═════ Task material ═════
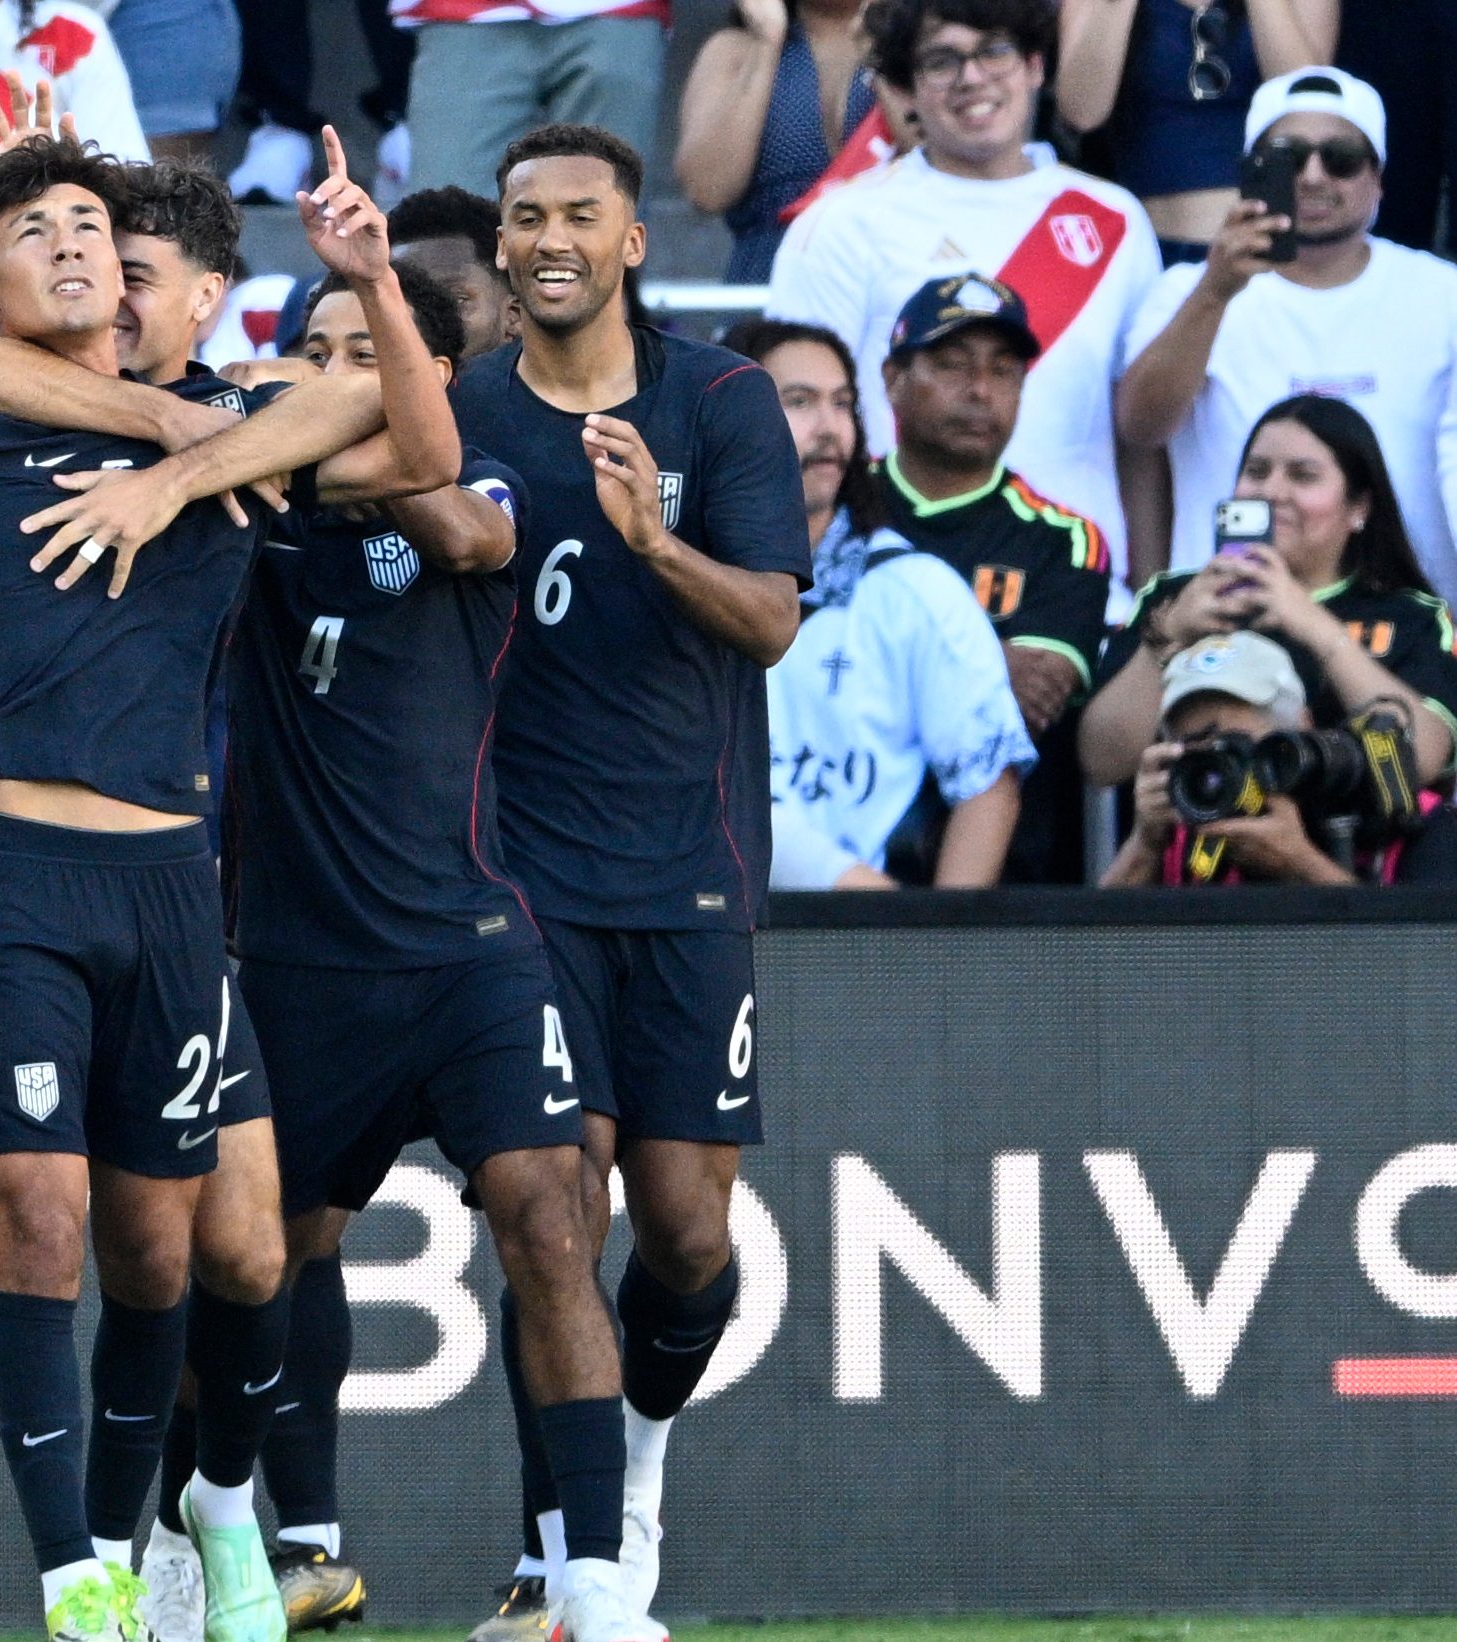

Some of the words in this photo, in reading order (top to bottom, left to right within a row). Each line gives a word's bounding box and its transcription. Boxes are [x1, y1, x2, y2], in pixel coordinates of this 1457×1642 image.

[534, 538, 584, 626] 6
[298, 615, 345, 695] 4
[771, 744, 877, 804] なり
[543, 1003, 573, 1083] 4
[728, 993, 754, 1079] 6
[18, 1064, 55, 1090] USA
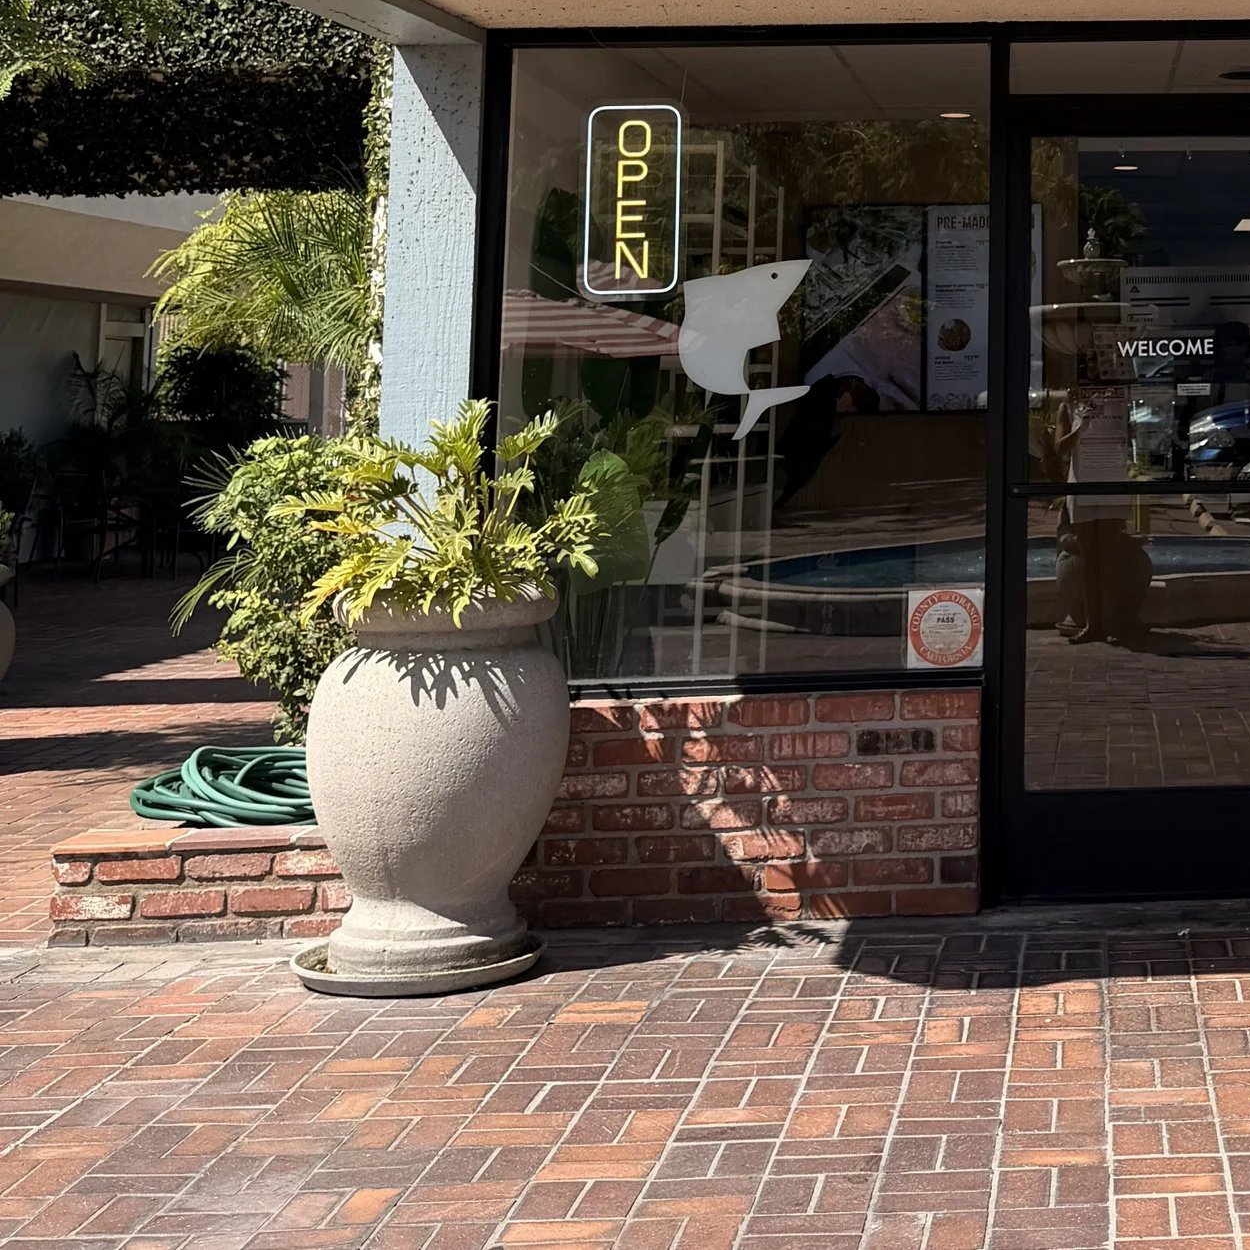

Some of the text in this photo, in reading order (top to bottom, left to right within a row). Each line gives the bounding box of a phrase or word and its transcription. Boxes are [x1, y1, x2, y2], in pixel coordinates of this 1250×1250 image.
═════
═════ Task material ═════
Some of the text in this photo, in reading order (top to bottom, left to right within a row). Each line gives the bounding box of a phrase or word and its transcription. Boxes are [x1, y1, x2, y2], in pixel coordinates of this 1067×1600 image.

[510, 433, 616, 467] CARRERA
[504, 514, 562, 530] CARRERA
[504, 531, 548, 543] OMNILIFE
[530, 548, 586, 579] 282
═════
__Task prompt__: Beginning with the line above that has "Some of the words" and going on through the line that has "this 1250×1250 image.", retype every line exactly and add nothing else; drop the pictures.

__Answer for the task__:
Some of the words in this photo, in reading order (top to bottom, left to right within a row). Each line gives a word's bounding box and its transcription. Boxes are [x1, y1, x2, y2], in pixel coordinates of this 1457×1642 image.

[534, 538, 584, 626] 6
[298, 615, 345, 695] 4
[771, 744, 877, 804] なり
[543, 1003, 573, 1083] 4
[728, 993, 754, 1079] 6
[18, 1064, 55, 1090] USA

Some of the text in this photo, in reading order (top to bottom, left to right within a row). Each line gives the bounding box of a phrase or word and its transcription. Boxes are [x1, y1, x2, y2], in pixel coordinates of this 1250×1250 image.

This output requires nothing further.